Microbiota-directed lactic acid depleting nanoenzyme reactivates antitumor immunity and chemosensitivity in hypoxic tumor.
Xinyue Lan, Fengling Zhang, Guangman Cui, Ben Hu, Yufang Lai, Huimin Lin, Huiqi Huang, Dan Zhou, Meng Yu, Guangyu Yao
Abstract
Open AccessThe acidification of the tumor microenvironment (TME) remains a major obstacle contributing to malignant progression and impeding therapeutic development. While traditionally attributed to anaerobic glycolysis, increasing evidence suggests that hypoxia-induced colonization of intratumoral symbiotic microbiota, particularly anaerobes, produce lactic acid (LA) metabolites serves as a significant contributor to TME acidification. Although antibiotic-based combination therapies have been explored for the hypoxic tumor treatment, the efficiency was restricted in reversing acidification-induced immunosuppression and chemoresistance. To tackle this challenge, we engineered a delivery platform (TML NPs) for lactate oxidase (LOX) and chemotherapeutic drug tirapazamine (TPZ) by modifying the carrier with metronidazole (MTZ), an antibiotic bearing hypoxia-responsive functional group.
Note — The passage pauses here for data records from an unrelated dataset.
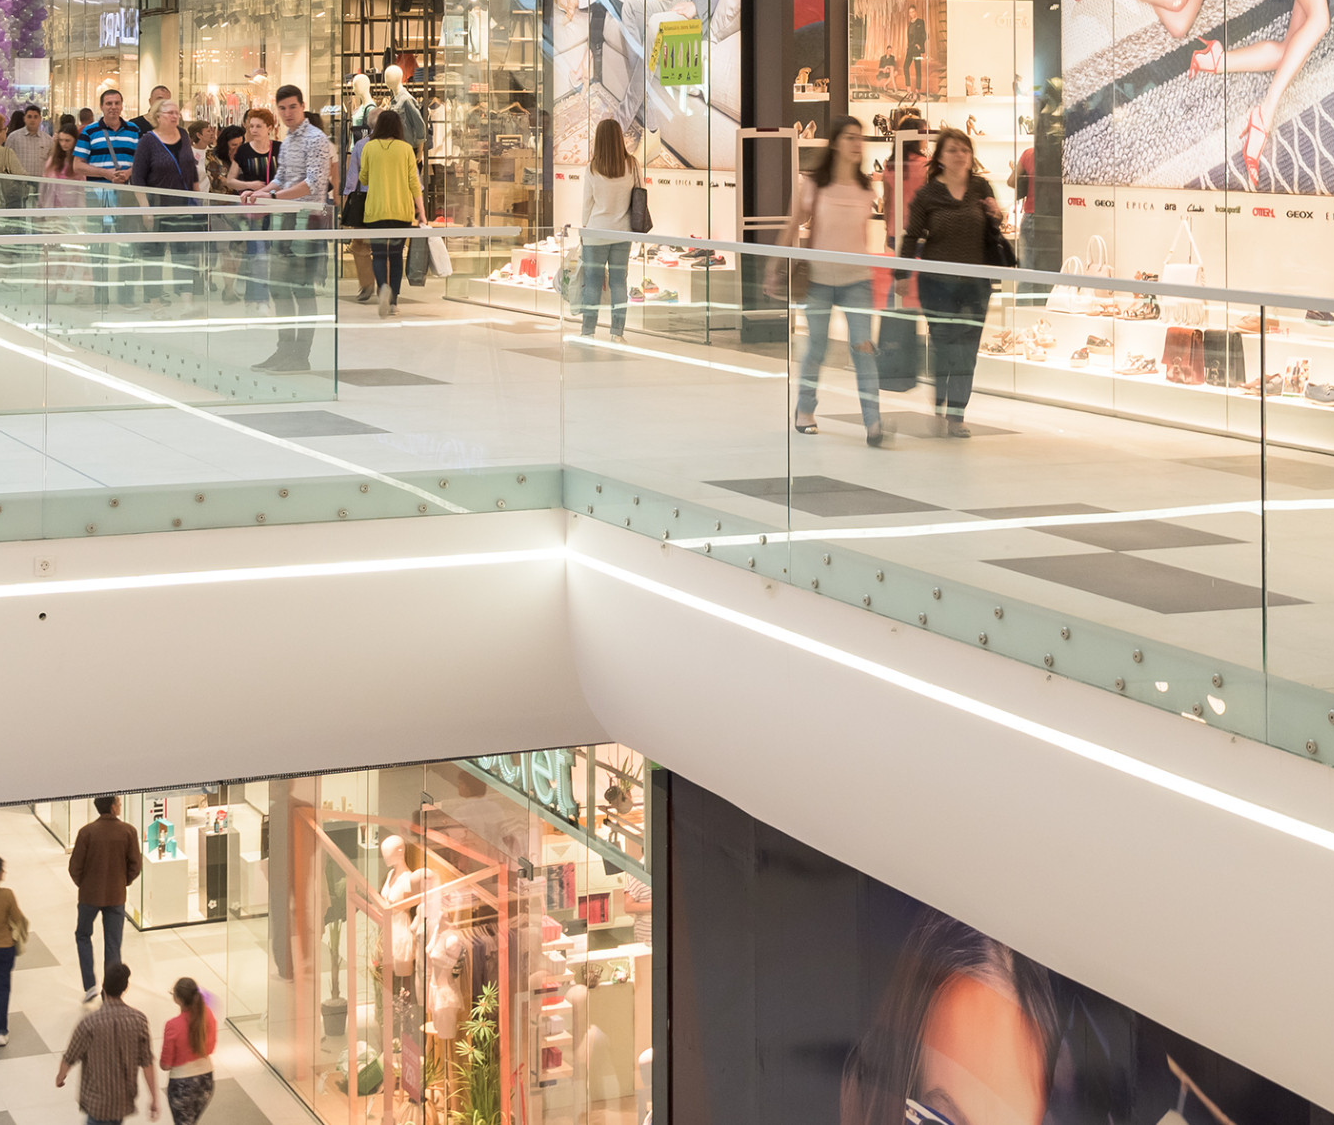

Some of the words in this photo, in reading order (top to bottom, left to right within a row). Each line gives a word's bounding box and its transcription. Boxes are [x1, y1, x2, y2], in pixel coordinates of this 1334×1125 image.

[1126, 201, 1155, 211] EPICA
[1164, 203, 1177, 211] ara
[1286, 210, 1314, 219] GEOX
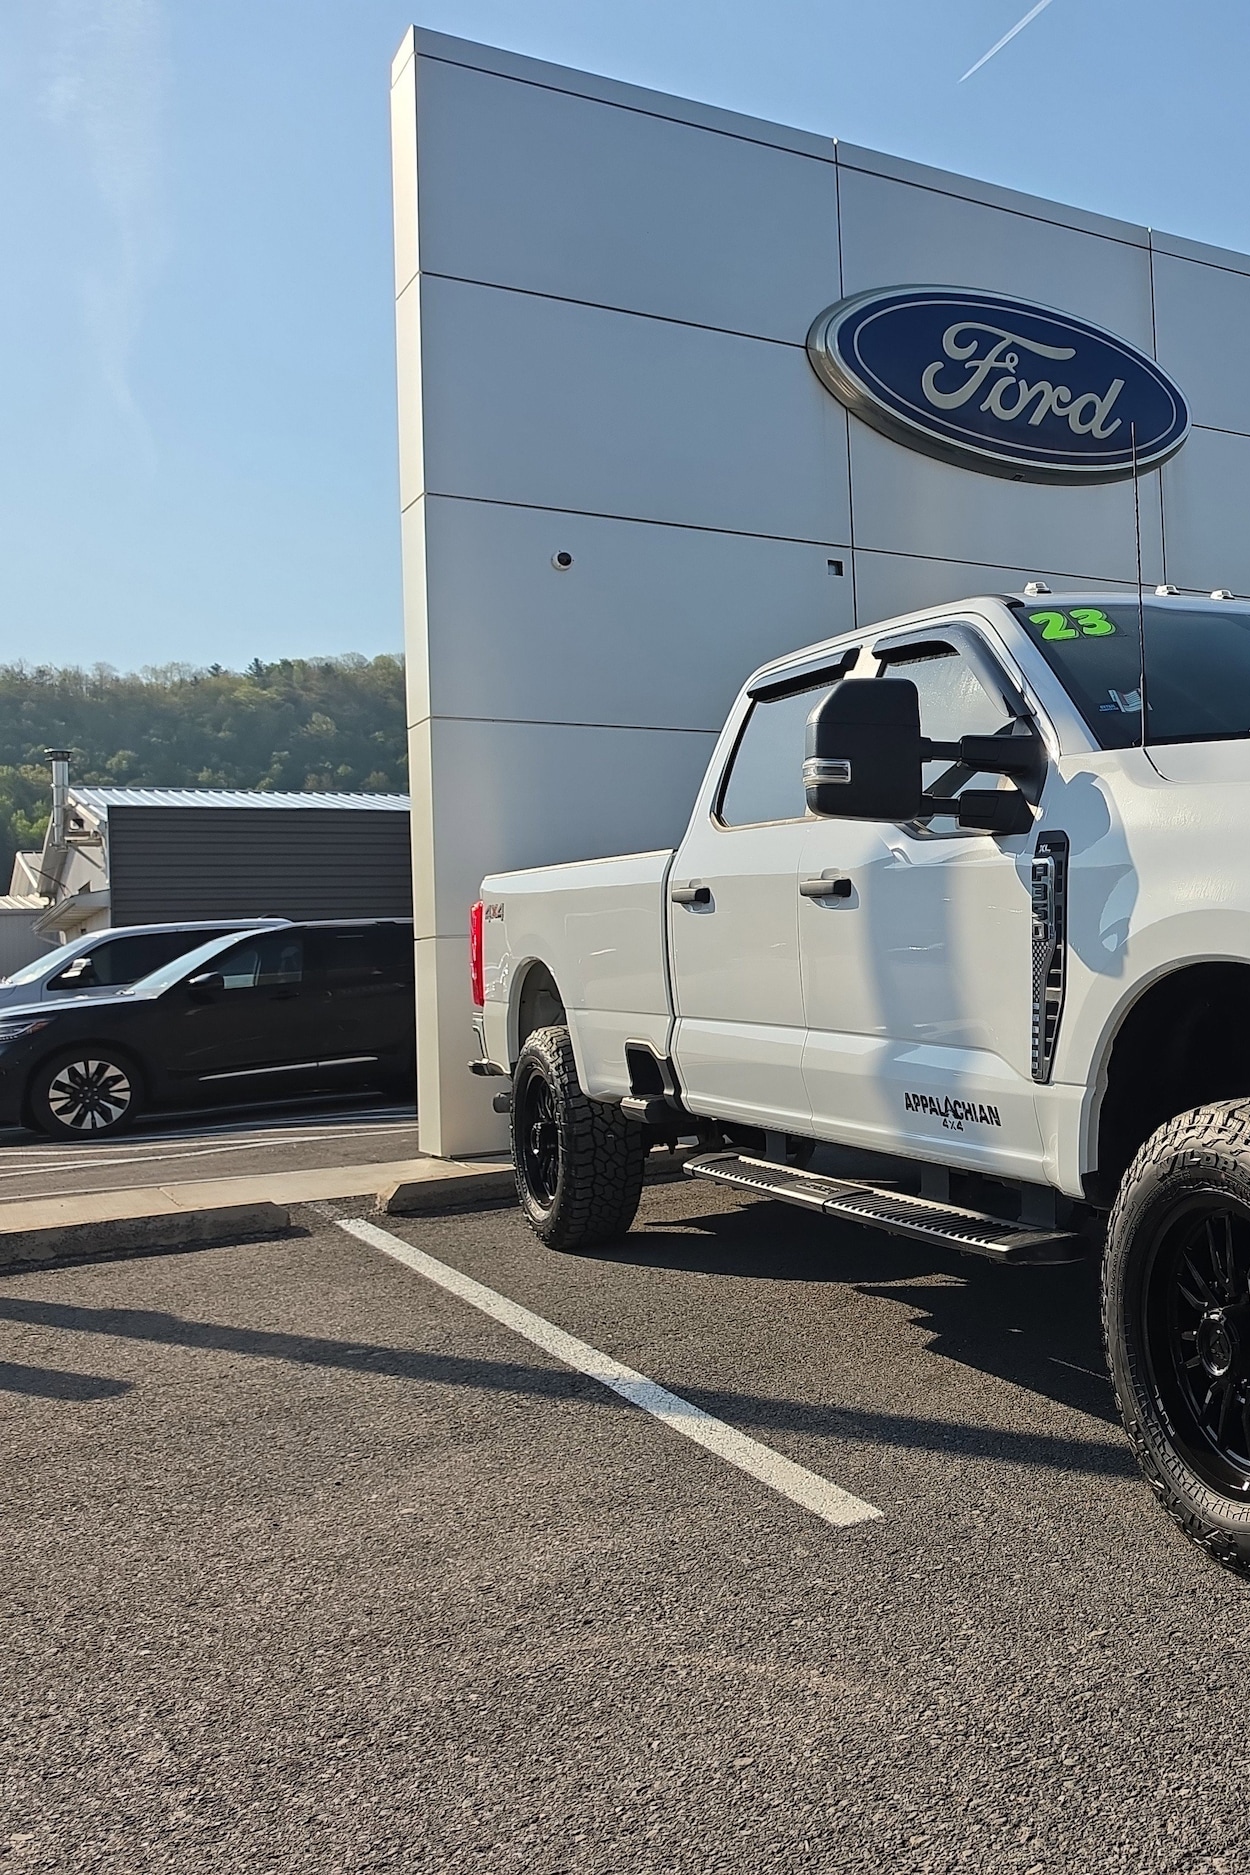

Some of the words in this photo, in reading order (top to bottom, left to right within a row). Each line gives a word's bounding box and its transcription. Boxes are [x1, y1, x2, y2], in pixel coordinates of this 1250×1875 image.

[921, 321, 1125, 439] Ford
[1028, 607, 1117, 642] 23
[904, 1091, 1002, 1128] APPALACHIAN
By directly targeting the symbiotic anaerobic bacterial metabolism, this strategy introduces a novel paradigm for modulating TME acidification, reversing the LA-mediated suppression of anti-tumor immune responses and chemosensitivity. Our strategy offers a promising translational platform for the precise treatment of TNBC and other hypoxic malignancies.